■ Your task: After finding the line that contains "this 1920×1440 image." in the material below, print that line and all subsequent lines exactly, up to and including the last.

┄┄┄┄┄┄

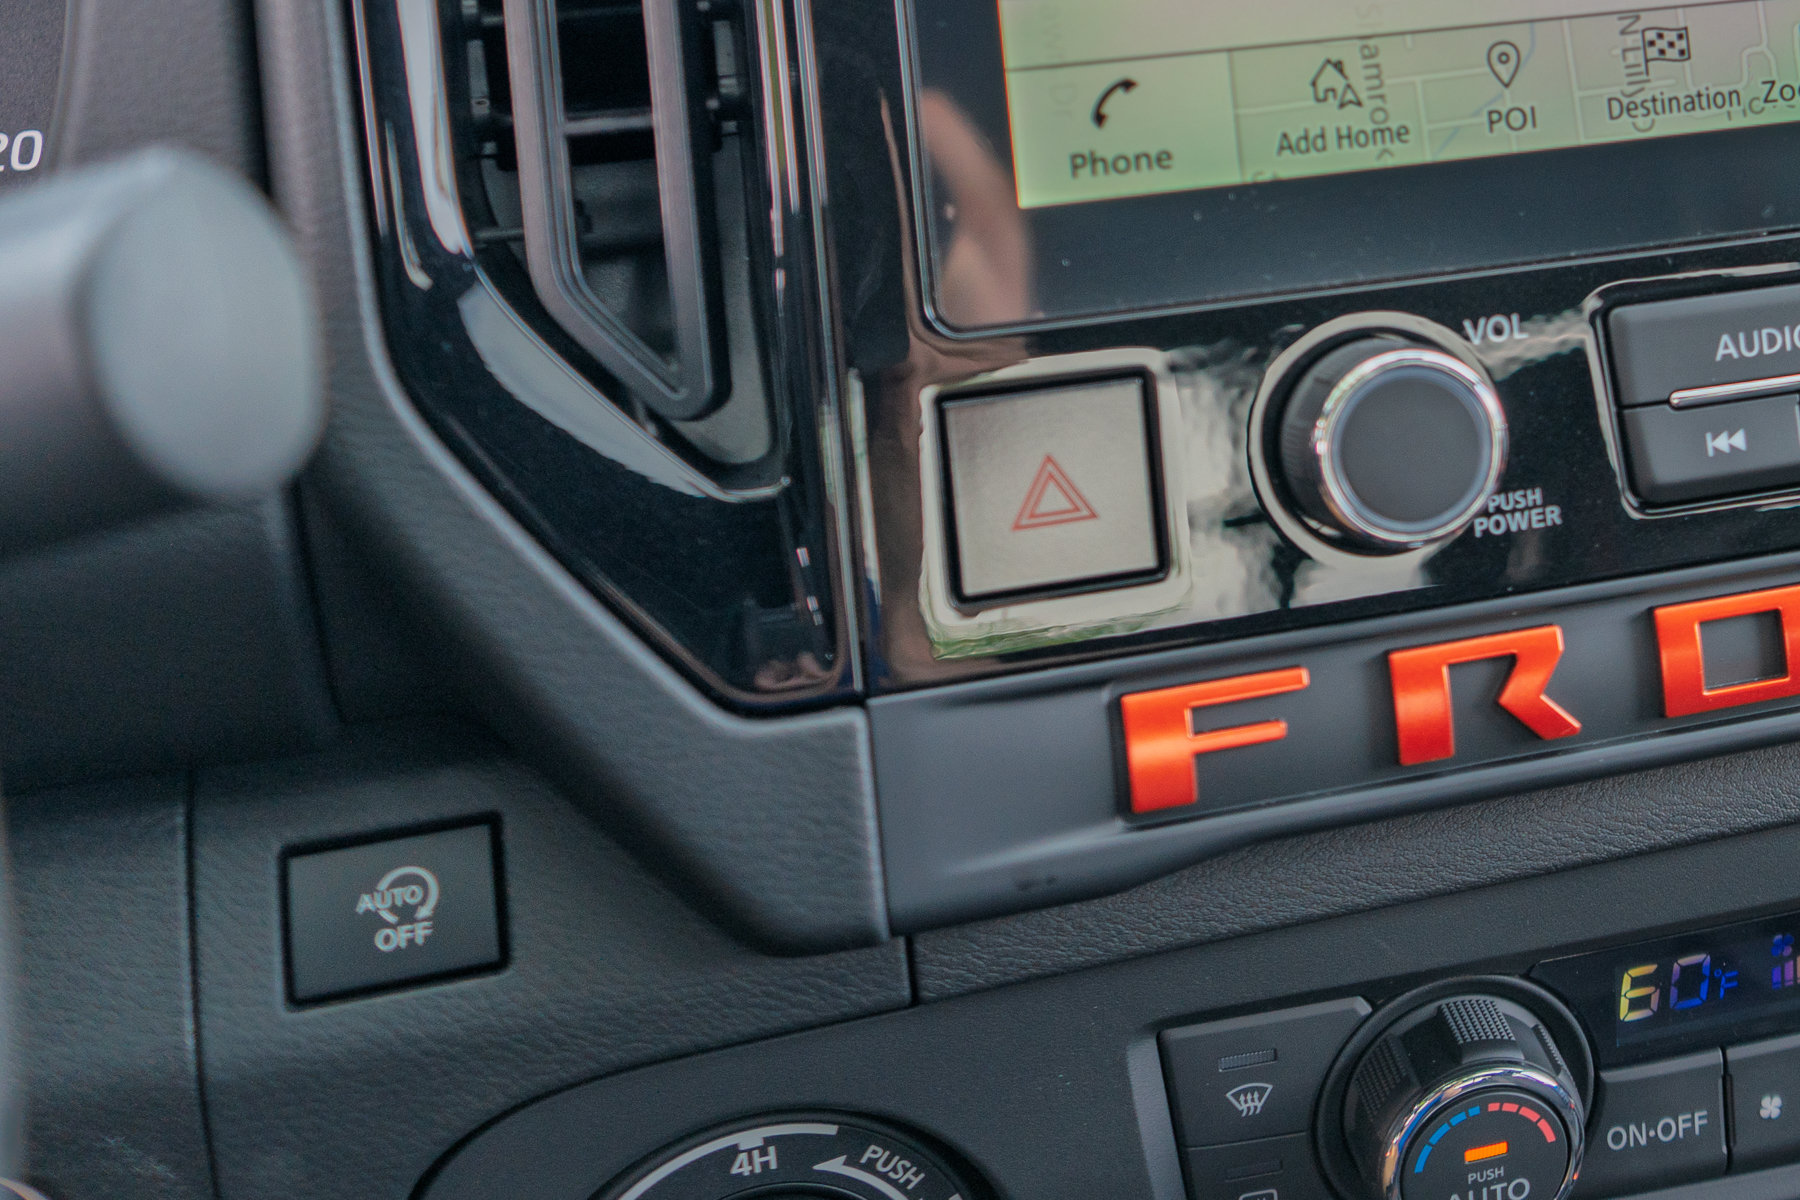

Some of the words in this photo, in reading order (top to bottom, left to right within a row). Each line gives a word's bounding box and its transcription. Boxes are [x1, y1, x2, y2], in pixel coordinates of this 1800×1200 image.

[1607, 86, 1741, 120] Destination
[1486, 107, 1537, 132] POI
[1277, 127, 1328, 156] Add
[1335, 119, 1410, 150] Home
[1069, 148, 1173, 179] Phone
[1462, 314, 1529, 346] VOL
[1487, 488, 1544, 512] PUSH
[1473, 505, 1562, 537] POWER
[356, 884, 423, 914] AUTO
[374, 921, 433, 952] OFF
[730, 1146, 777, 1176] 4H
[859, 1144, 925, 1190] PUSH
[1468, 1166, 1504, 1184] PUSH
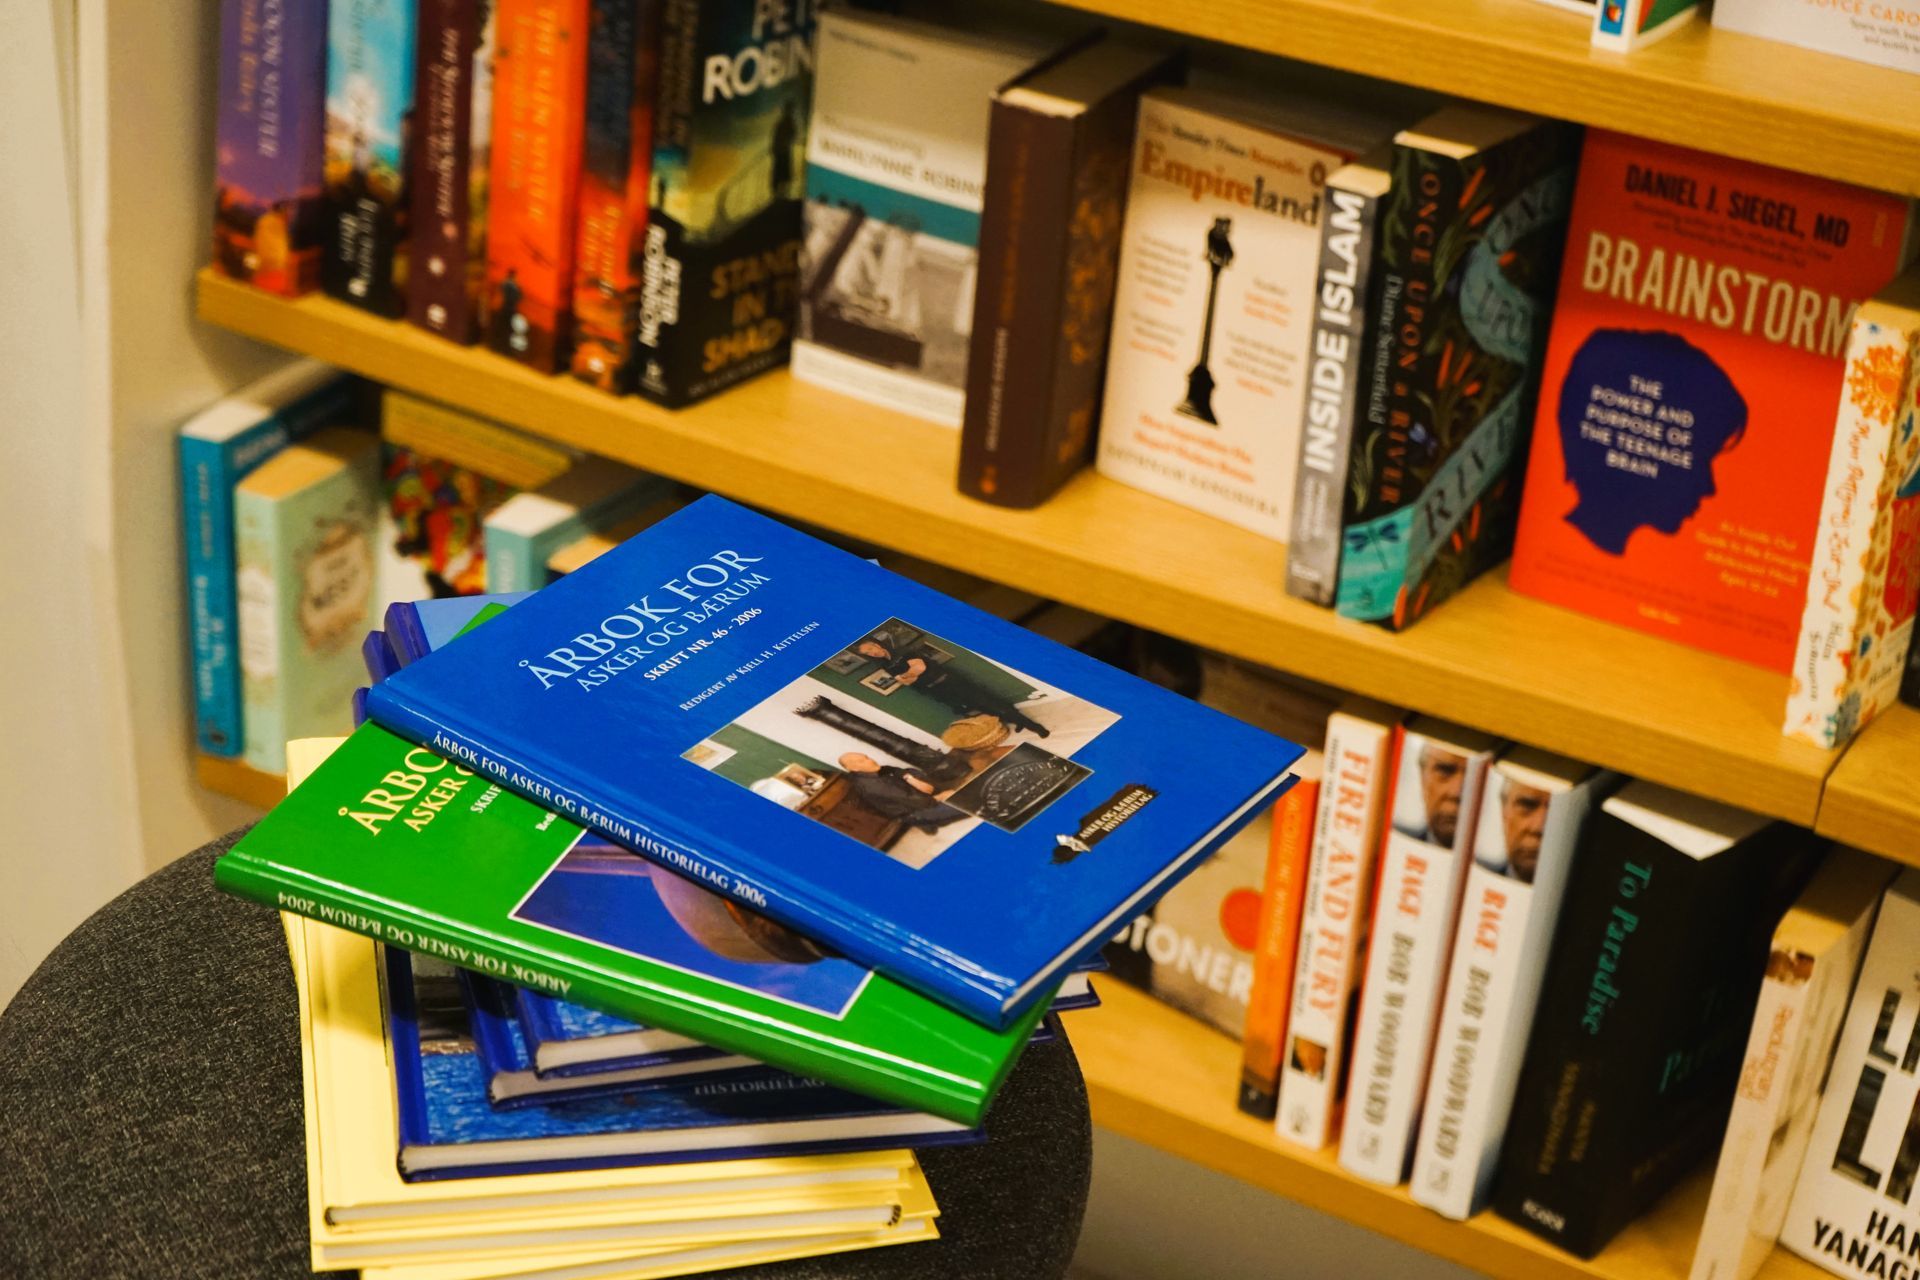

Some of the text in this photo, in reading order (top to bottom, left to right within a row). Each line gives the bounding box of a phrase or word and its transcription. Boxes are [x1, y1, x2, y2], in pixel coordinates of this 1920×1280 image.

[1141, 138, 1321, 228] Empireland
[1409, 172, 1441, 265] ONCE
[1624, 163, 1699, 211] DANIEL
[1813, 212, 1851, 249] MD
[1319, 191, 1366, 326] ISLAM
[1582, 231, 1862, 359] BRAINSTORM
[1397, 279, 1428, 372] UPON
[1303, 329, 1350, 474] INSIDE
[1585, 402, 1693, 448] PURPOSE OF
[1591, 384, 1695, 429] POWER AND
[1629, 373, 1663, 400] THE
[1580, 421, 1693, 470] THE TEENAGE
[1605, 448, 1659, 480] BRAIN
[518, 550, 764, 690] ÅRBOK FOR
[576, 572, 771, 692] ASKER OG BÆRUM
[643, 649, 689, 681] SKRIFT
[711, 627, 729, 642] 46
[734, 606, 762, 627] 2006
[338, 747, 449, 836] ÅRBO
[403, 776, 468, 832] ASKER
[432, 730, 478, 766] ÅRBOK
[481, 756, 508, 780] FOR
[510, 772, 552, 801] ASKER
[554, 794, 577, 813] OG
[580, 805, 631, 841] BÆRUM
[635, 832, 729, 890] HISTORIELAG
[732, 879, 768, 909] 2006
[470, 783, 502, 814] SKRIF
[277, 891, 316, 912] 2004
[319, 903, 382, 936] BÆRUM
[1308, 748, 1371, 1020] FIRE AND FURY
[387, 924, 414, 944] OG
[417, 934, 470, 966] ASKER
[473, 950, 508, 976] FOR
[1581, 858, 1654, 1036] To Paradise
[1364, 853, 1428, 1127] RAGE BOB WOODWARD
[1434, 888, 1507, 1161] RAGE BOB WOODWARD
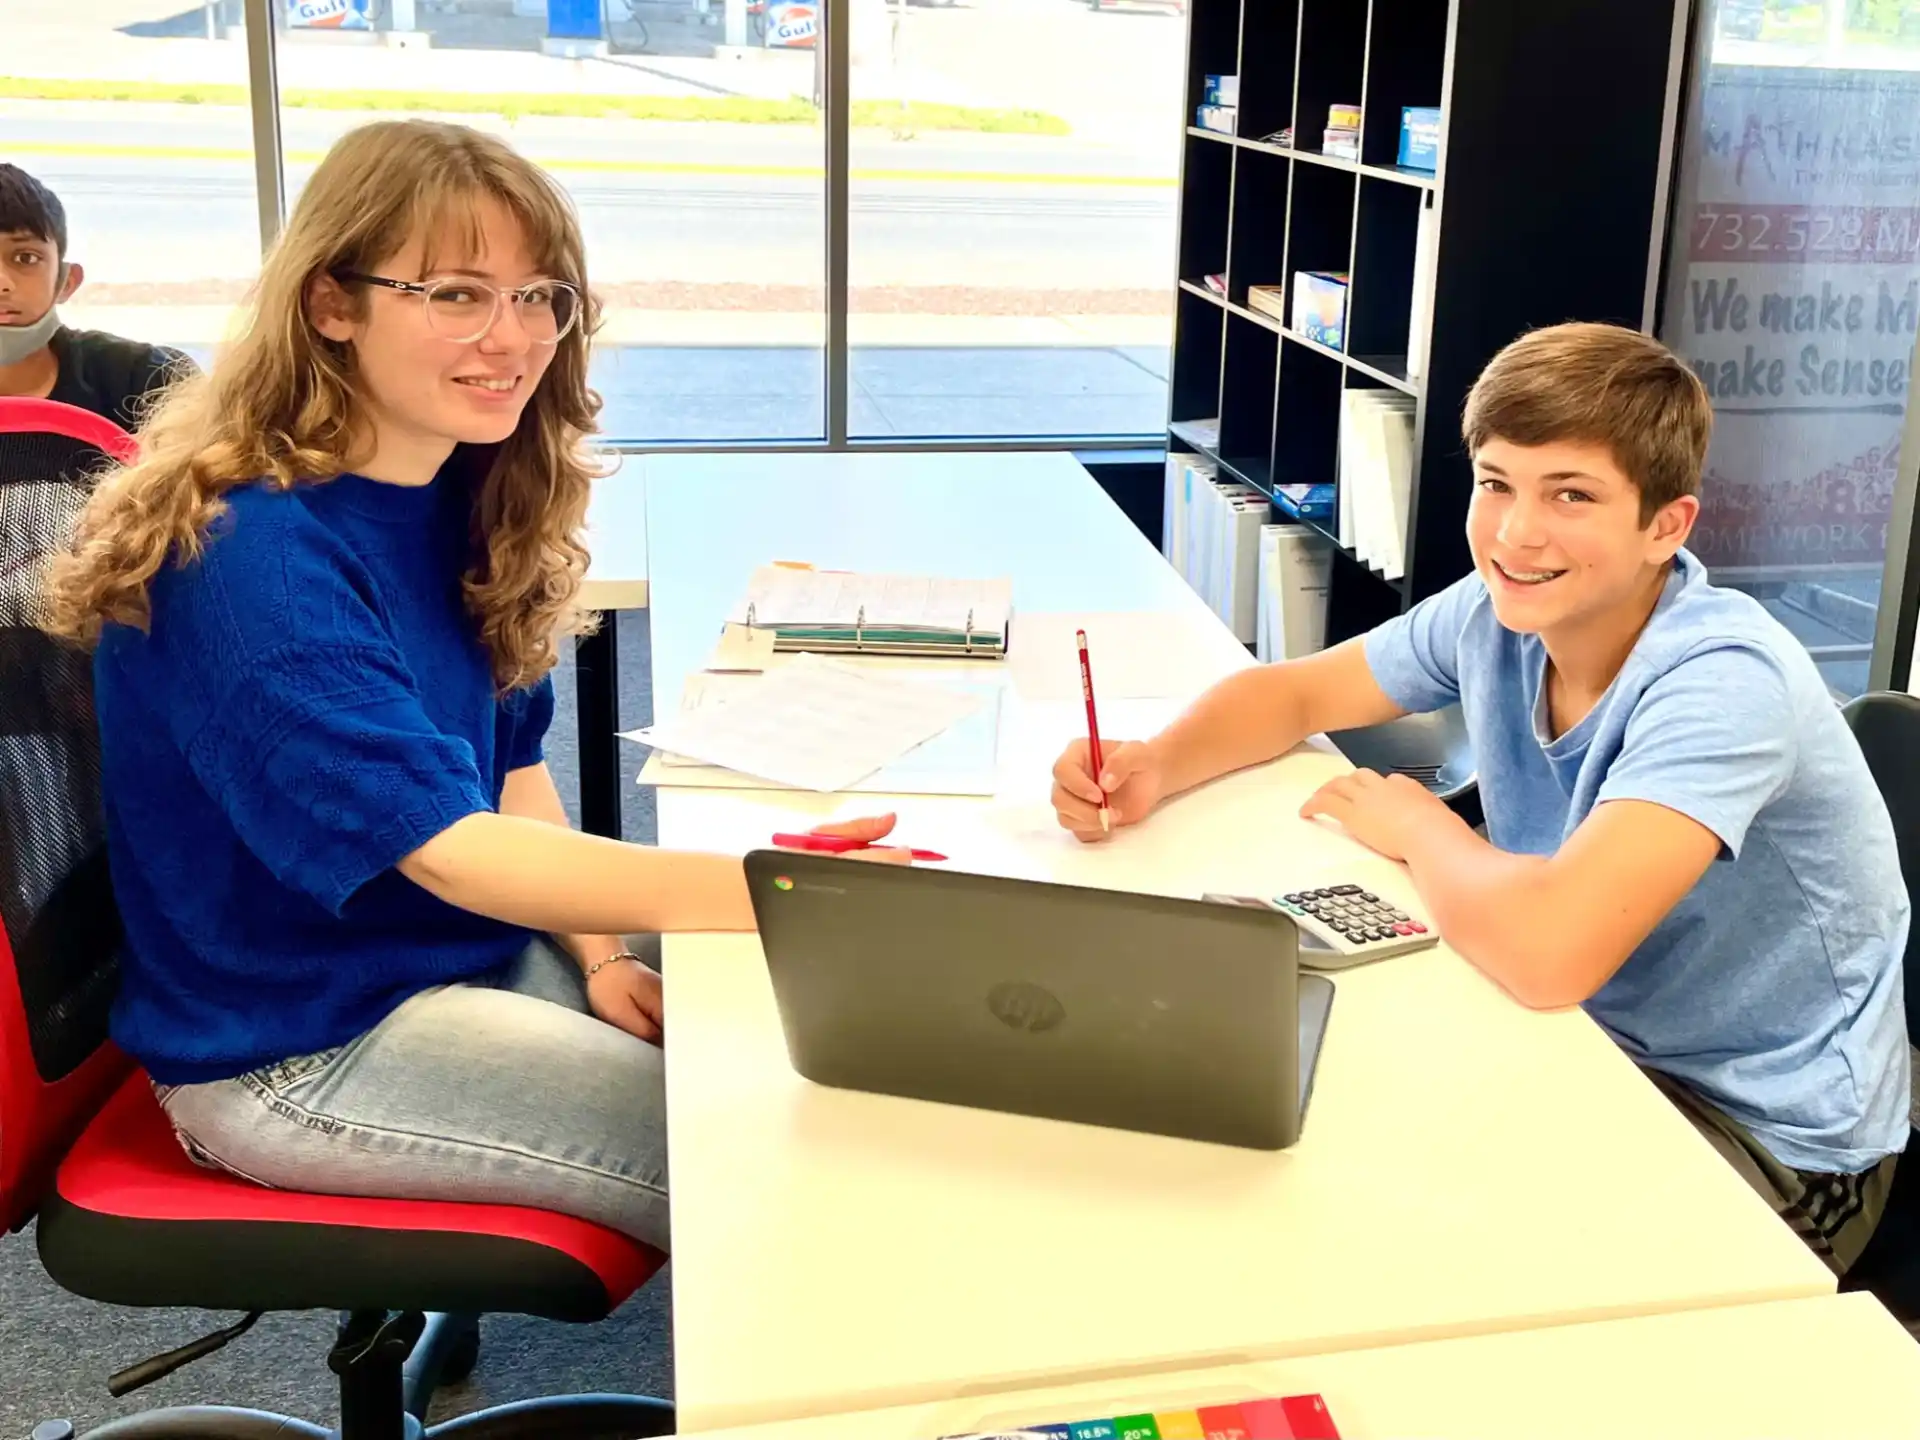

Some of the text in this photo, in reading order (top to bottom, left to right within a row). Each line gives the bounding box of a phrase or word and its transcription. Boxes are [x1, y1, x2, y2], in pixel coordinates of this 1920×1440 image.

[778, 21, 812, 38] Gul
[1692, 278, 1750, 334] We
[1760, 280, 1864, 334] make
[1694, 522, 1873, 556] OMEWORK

┄┄┄┄┄┄

■ Solution:
Some of the text in this photo, in reading order (top to bottom, left to right within a row). Each line gives the bounding box of a phrase or word and its transcription. Boxes are [x1, y1, x2, y2], in pixel coordinates of this 1920×1440 image.

[778, 21, 812, 38] Gul
[1692, 278, 1750, 334] We
[1760, 280, 1864, 334] make
[1694, 522, 1873, 556] OMEWORK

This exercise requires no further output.